Der größte Leuchtturm ist das Titelstück „Call Of The Sirens“. Das mit fast acht Minuten längste Stück des Album ist auch sein bestes. Zu einer grandiosen Melodie und einem waschechten Ohrwurm-Refrain werfen Craving den Hörern einen gewaltigen heroischen Bombast entgegen. Den großartigen Refrain singt eine weibliche Stimme – begleitet von einem Chor mit Text im Vorder- und einem Chor ohne Text im Hintergrund. Ein wirklich tolles Stück, das für sich alleine schon einen Durchlauf des Albums rechtfertigt.

Natürlich ist längst nicht jedes Stück des Albums so ein Hit, aber dieses Lied wollte ich doch extra erwähnt haben. Erwähnen möchte ich zum Schluss auch die beiden Cover. Offensichtlich sind Craving Fans des Eurovision Song Contest (ESC), denn beide Lieder waren Beiträge des ESC 2021. Es handelt sich um „El Diablo“ von Elena Tsagrinou (Zypern) und „Shum“ von Go_A (Ukraine, sehr hörenswerte Band übrigens).

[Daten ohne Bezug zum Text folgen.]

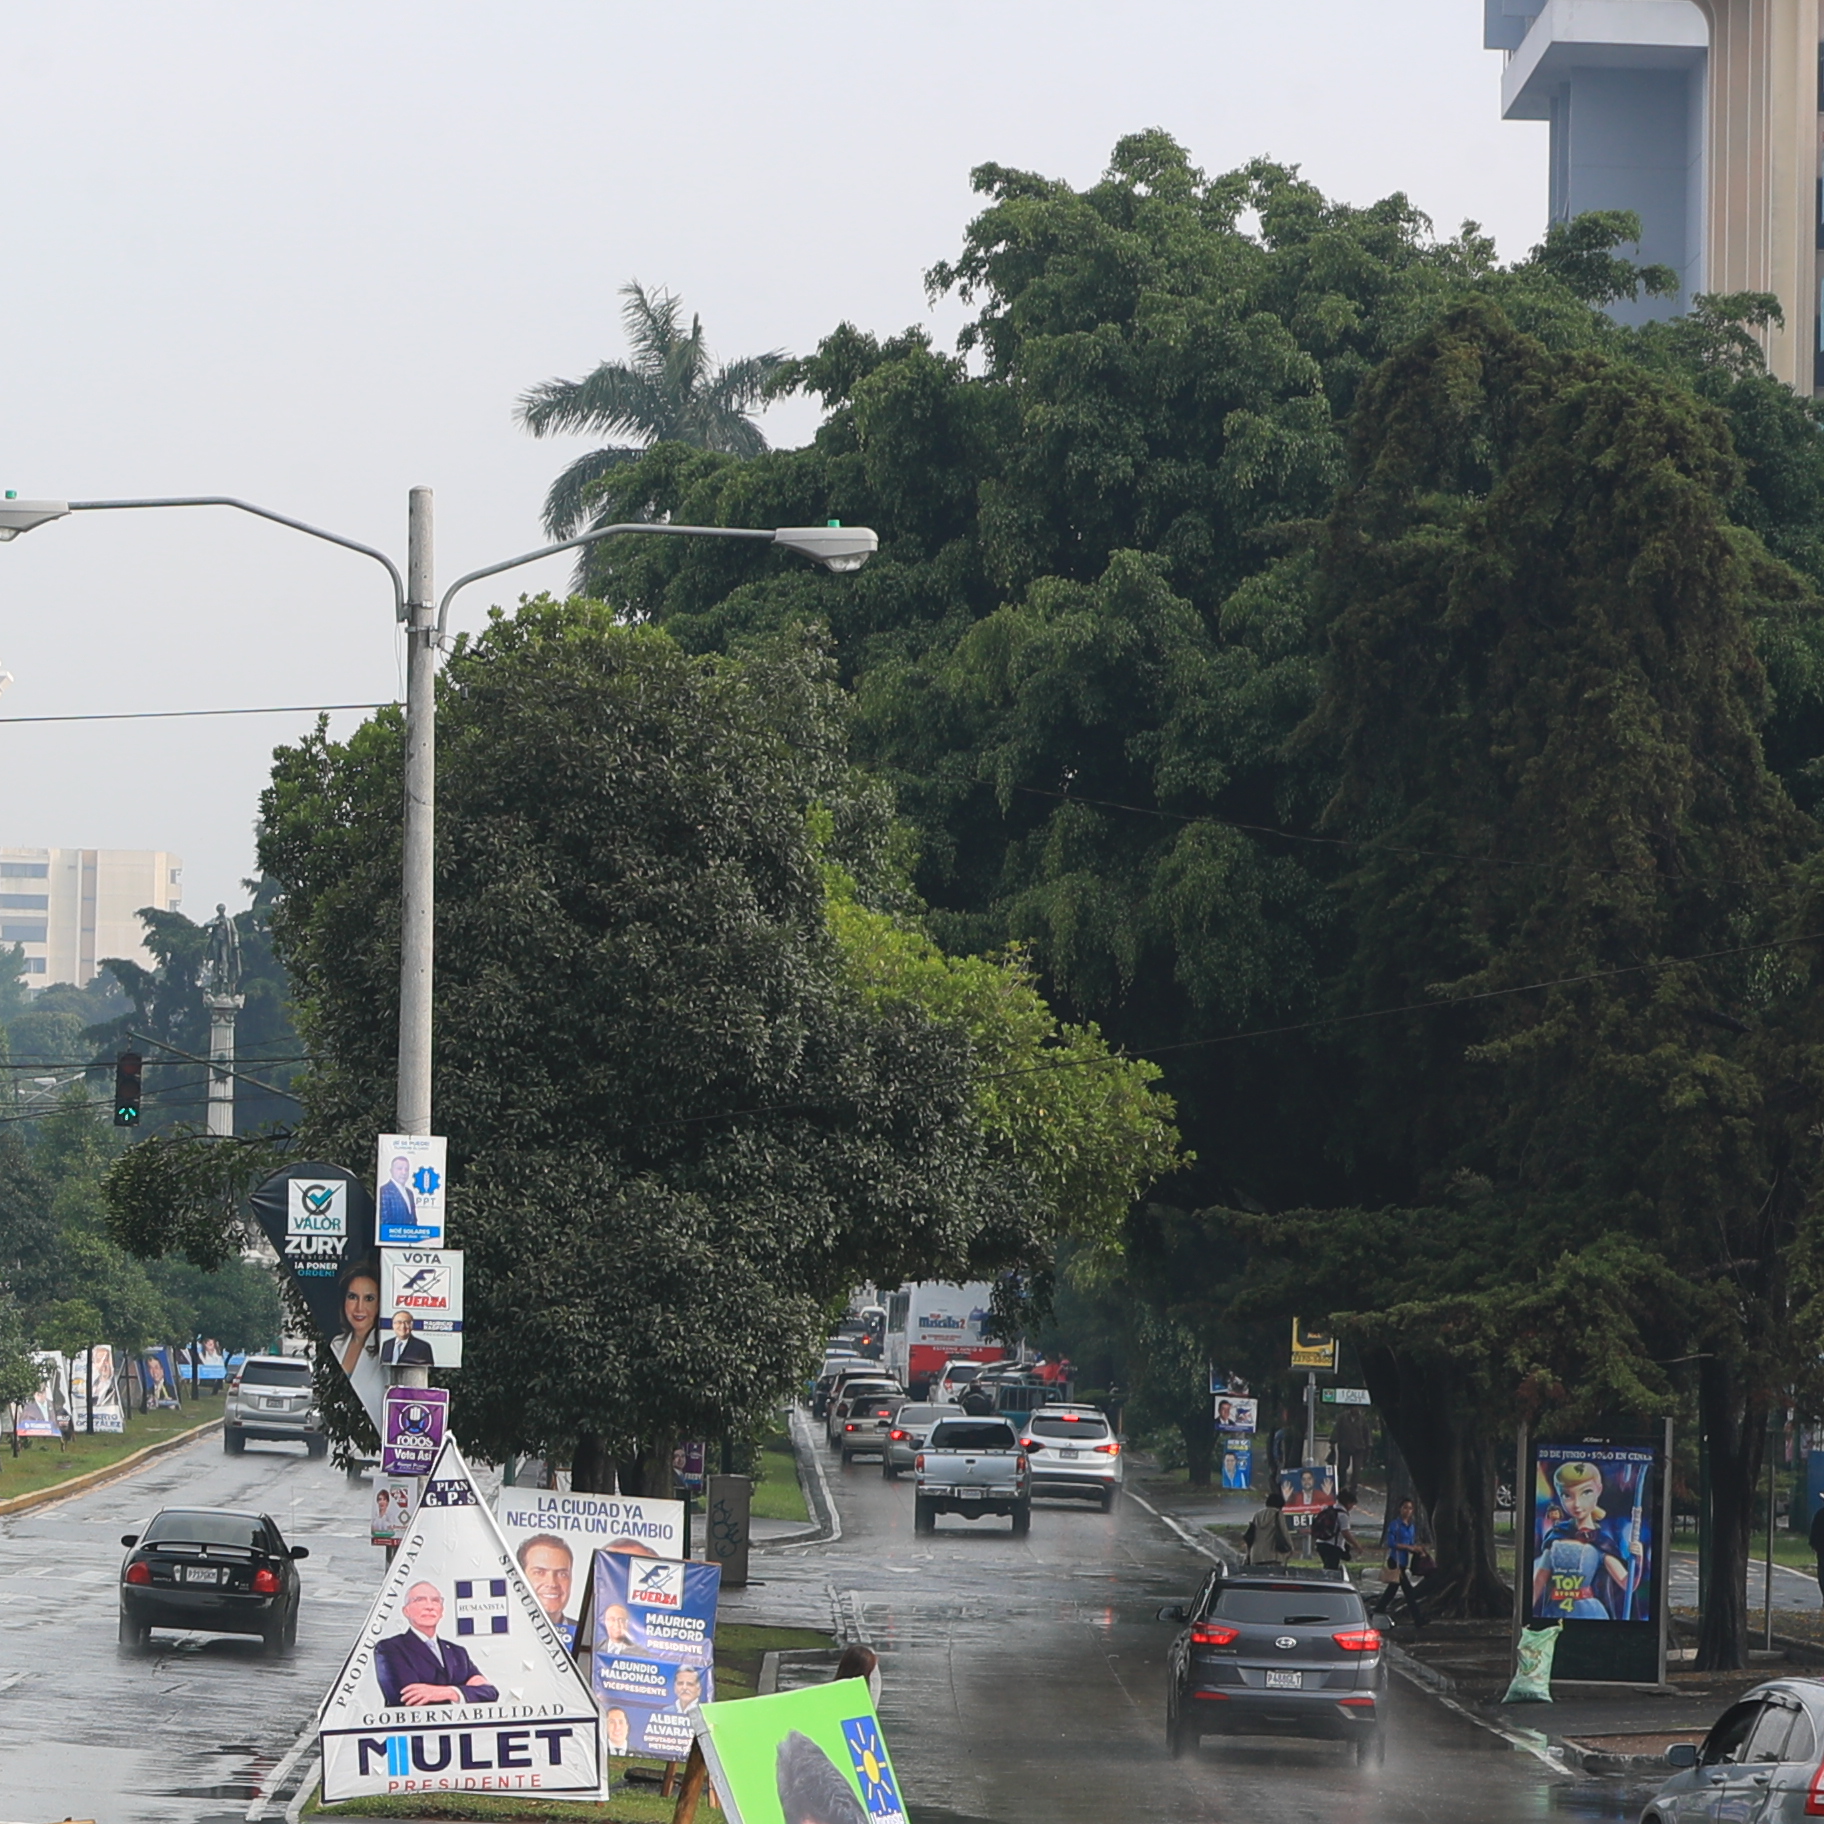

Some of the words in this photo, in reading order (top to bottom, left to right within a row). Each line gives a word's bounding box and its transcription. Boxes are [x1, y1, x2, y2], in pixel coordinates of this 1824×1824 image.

[416, 1197, 436, 1206] PPT
[293, 1216, 342, 1232] VALOR
[284, 1235, 349, 1256] ZURY
[306, 1261, 338, 1271] PONER
[403, 1252, 443, 1265] VOTA
[395, 1295, 447, 1308] FUERZA
[394, 1448, 416, 1461] Vota
[1561, 1450, 1586, 1460] JUNIO
[437, 1481, 469, 1493] PLAN
[537, 1496, 558, 1513] LA
[562, 1498, 620, 1518] CIUDAD
[624, 1504, 644, 1520] YA
[506, 1511, 583, 1531] NECESITA
[585, 1518, 607, 1534] UN
[610, 1520, 674, 1540] CAMBIO
[1552, 1574, 1585, 1591] TOY
[631, 1589, 678, 1606] FUERZA
[1559, 1598, 1575, 1613] 4
[458, 1602, 505, 1612] HUMANISTA
[498, 1553, 570, 1675] SEGURIDAD
[336, 1532, 425, 1709] PRODUCTIVIDAD
[645, 1612, 707, 1630] MAURICIO
[645, 1624, 704, 1642] RADFORD
[646, 1639, 703, 1655] PRESIDENTE
[611, 1659, 659, 1675] ABUNDIO
[600, 1668, 666, 1686] MALDONADO
[602, 1680, 667, 1697] VICEPRESIDENTE
[362, 1703, 565, 1726] GOBERNABILIDAD
[357, 1728, 574, 1777] MULET
[387, 1773, 543, 1795] PRESIDENTE

Die beiden Cover haben Craving in der für sie typischen Art umgesetzt: Kraftvoll, markant und, naja, ein bisschen von Blastbeats niedergewalzt.

Fazit

Ein komplett überfrachtetes, gleichzeitig aber auch faszinierendes Album. Wer sich auf das Abenteuer einlässt und etwas Einarbeitungszeit mitbringt, erhält ein sehr eigentümliches Stück Musik mit echten Höhepunkten.